◆ Available records
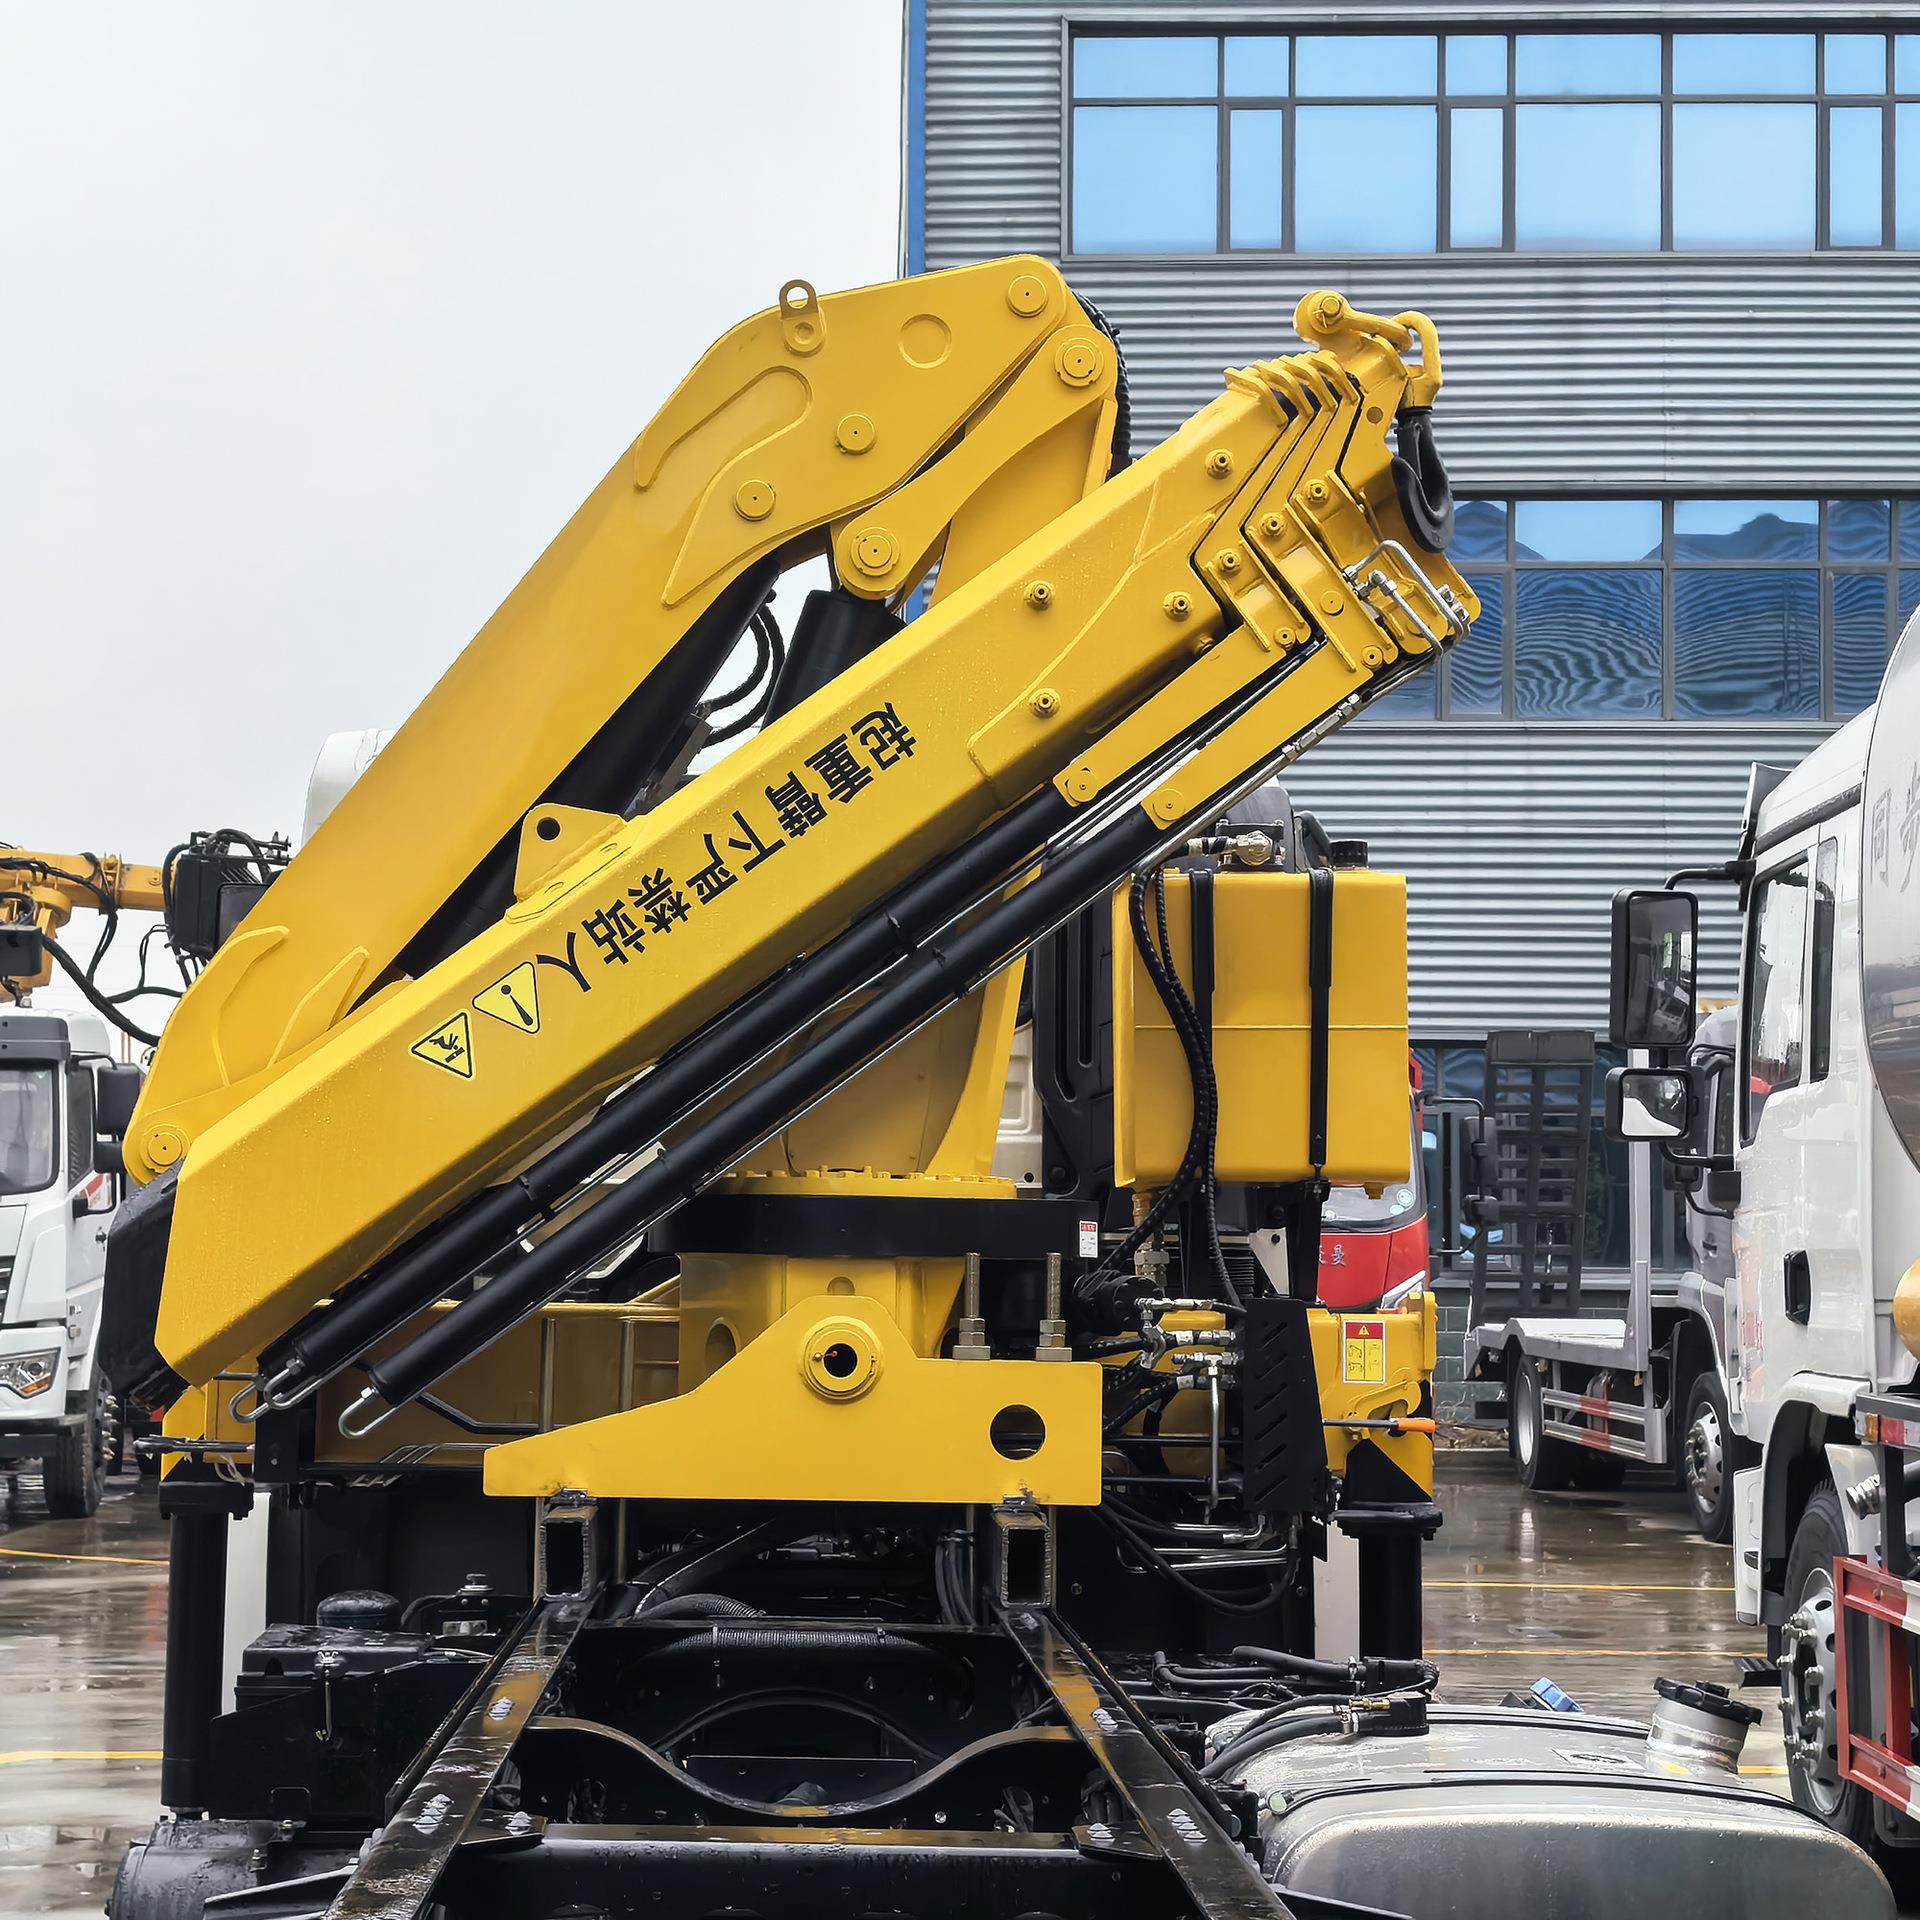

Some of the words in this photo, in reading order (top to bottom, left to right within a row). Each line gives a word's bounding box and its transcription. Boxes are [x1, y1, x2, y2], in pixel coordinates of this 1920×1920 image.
* * *
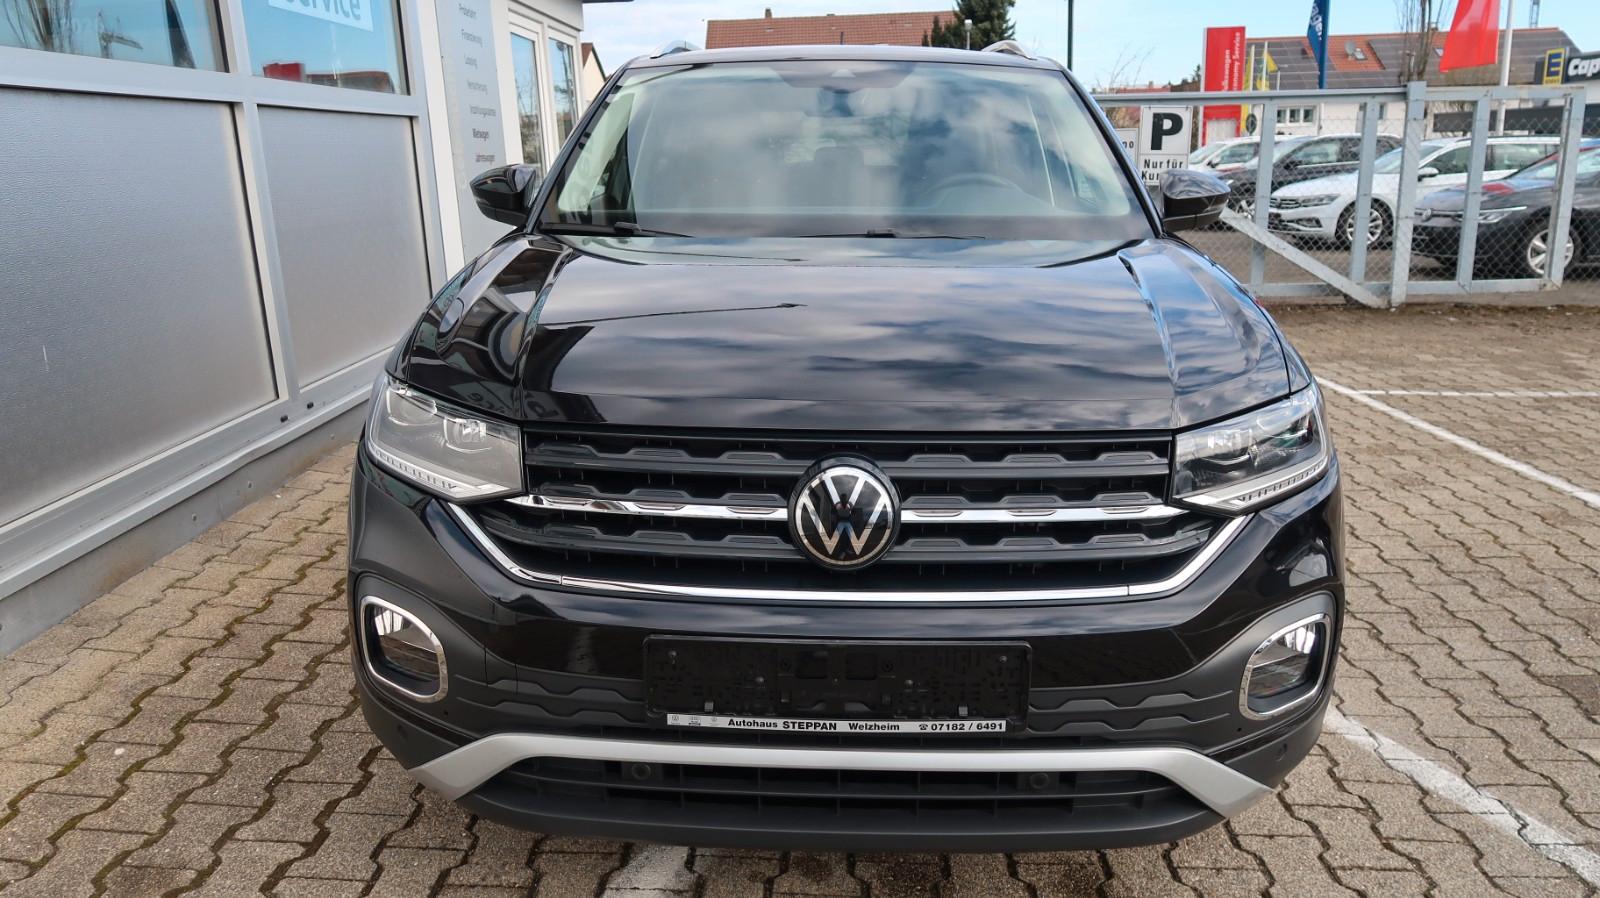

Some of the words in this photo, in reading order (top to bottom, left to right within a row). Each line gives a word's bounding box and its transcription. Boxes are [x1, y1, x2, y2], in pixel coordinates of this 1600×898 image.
--
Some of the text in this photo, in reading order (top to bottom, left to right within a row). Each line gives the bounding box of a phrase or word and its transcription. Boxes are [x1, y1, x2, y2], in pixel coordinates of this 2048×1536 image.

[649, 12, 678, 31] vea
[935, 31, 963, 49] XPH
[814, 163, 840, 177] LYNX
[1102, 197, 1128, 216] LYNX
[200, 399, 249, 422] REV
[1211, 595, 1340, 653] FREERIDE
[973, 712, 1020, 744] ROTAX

◆ What you need to do
Search the data above for the word "words" and report how many lines contain it, with nothing further.

◆ Reply to the exercise
2